• _Exercise_: Repeat the listing that follows exactly, please.

• _Data in this exercise_:
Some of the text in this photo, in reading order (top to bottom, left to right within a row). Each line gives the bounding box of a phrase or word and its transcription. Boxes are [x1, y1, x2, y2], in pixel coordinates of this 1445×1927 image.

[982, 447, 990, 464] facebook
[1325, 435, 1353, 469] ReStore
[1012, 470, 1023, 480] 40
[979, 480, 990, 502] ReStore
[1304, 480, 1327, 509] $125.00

• _Task answer_:
Some of the text in this photo, in reading order (top to bottom, left to right within a row). Each line gives the bounding box of a phrase or word and its transcription. Boxes are [x1, y1, x2, y2], in pixel coordinates of this 1445×1927 image.

[982, 447, 990, 464] facebook
[1325, 435, 1353, 469] ReStore
[1012, 470, 1023, 480] 40
[979, 480, 990, 502] ReStore
[1304, 480, 1327, 509] $125.00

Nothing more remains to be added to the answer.